## Task description
Apart from the images, every record below must be given again without alteration.

## Material provided
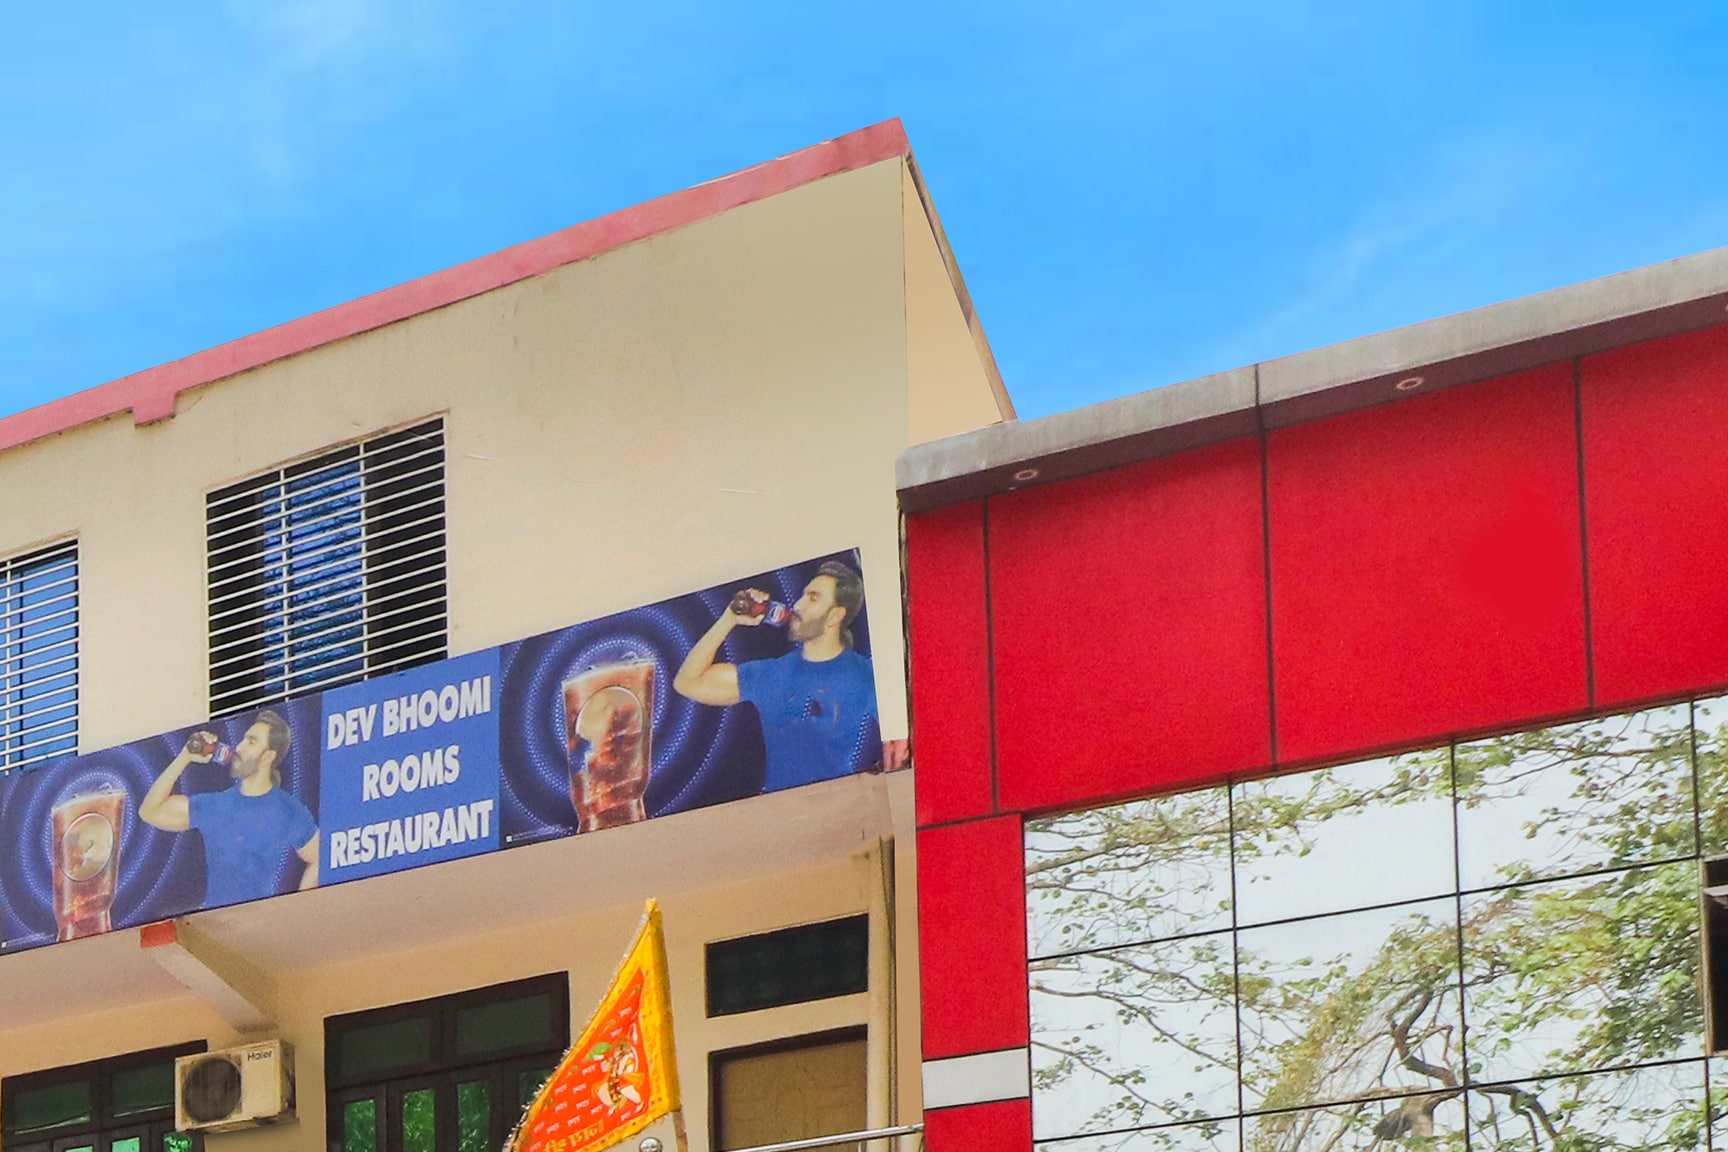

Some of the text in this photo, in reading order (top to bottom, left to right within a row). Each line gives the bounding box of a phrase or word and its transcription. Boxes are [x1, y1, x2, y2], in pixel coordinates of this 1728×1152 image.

[327, 675, 491, 750] DEV BHOOMI
[362, 744, 461, 802] ROOMS
[330, 799, 494, 869] RESTAURANT
[247, 1050, 274, 1062] Haier

## Reply to the exercise
Some of the text in this photo, in reading order (top to bottom, left to right within a row). Each line gives the bounding box of a phrase or word and its transcription. Boxes are [x1, y1, x2, y2], in pixel coordinates of this 1728×1152 image.

[327, 675, 491, 750] DEV BHOOMI
[362, 744, 461, 802] ROOMS
[330, 799, 494, 869] RESTAURANT
[247, 1050, 274, 1062] Haier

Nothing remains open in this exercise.